• [Task to complete] Please set down every record exactly as it appears below.

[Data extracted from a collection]
========

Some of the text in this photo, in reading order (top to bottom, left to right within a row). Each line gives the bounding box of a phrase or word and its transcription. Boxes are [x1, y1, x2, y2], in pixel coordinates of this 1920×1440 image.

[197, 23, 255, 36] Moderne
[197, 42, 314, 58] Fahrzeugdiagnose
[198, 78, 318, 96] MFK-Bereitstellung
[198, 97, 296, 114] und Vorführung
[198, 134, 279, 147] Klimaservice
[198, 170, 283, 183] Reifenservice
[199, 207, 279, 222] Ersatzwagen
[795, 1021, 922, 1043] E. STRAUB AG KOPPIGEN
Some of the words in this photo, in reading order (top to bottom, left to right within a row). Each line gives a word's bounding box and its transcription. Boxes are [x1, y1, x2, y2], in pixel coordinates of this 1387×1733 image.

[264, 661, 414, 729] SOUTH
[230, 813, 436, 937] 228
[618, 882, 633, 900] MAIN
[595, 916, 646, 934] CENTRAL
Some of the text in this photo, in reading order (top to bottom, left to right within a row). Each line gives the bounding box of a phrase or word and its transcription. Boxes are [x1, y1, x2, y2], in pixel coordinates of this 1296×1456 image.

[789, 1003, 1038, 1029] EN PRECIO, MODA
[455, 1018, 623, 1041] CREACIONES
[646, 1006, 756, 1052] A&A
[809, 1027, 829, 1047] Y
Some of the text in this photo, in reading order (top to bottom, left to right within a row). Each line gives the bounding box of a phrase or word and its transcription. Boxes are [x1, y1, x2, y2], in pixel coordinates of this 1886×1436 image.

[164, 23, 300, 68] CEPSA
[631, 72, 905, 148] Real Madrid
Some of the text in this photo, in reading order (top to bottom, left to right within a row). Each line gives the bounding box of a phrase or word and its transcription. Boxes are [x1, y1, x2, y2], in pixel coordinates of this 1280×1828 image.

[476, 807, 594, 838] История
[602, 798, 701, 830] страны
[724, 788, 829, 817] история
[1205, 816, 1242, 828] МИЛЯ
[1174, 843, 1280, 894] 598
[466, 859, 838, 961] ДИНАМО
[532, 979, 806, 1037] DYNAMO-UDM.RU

========

• [Your solution]
Some of the text in this photo, in reading order (top to bottom, left to right within a row). Each line gives the bounding box of a phrase or word and its transcription. Boxes are [x1, y1, x2, y2], in pixel coordinates of this 1920×1440 image.

[197, 23, 255, 36] Moderne
[197, 42, 314, 58] Fahrzeugdiagnose
[198, 78, 318, 96] MFK-Bereitstellung
[198, 97, 296, 114] und Vorführung
[198, 134, 279, 147] Klimaservice
[198, 170, 283, 183] Reifenservice
[199, 207, 279, 222] Ersatzwagen
[795, 1021, 922, 1043] E. STRAUB AG KOPPIGEN
Some of the words in this photo, in reading order (top to bottom, left to right within a row). Each line gives a word's bounding box and its transcription. Boxes are [x1, y1, x2, y2], in pixel coordinates of this 1387×1733 image.

[264, 661, 414, 729] SOUTH
[230, 813, 436, 937] 228
[618, 882, 633, 900] MAIN
[595, 916, 646, 934] CENTRAL
Some of the text in this photo, in reading order (top to bottom, left to right within a row). Each line gives the bounding box of a phrase or word and its transcription. Boxes are [x1, y1, x2, y2], in pixel coordinates of this 1296×1456 image.

[789, 1003, 1038, 1029] EN PRECIO, MODA
[455, 1018, 623, 1041] CREACIONES
[646, 1006, 756, 1052] A&A
[809, 1027, 829, 1047] Y
Some of the text in this photo, in reading order (top to bottom, left to right within a row). Each line gives the bounding box of a phrase or word and its transcription. Boxes are [x1, y1, x2, y2], in pixel coordinates of this 1886×1436 image.

[164, 23, 300, 68] CEPSA
[631, 72, 905, 148] Real Madrid
Some of the text in this photo, in reading order (top to bottom, left to right within a row). Each line gives the bounding box of a phrase or word and its transcription. Boxes are [x1, y1, x2, y2], in pixel coordinates of this 1280×1828 image.

[476, 807, 594, 838] История
[602, 798, 701, 830] страны
[724, 788, 829, 817] история
[1205, 816, 1242, 828] МИЛЯ
[1174, 843, 1280, 894] 598
[466, 859, 838, 961] ДИНАМО
[532, 979, 806, 1037] DYNAMO-UDM.RU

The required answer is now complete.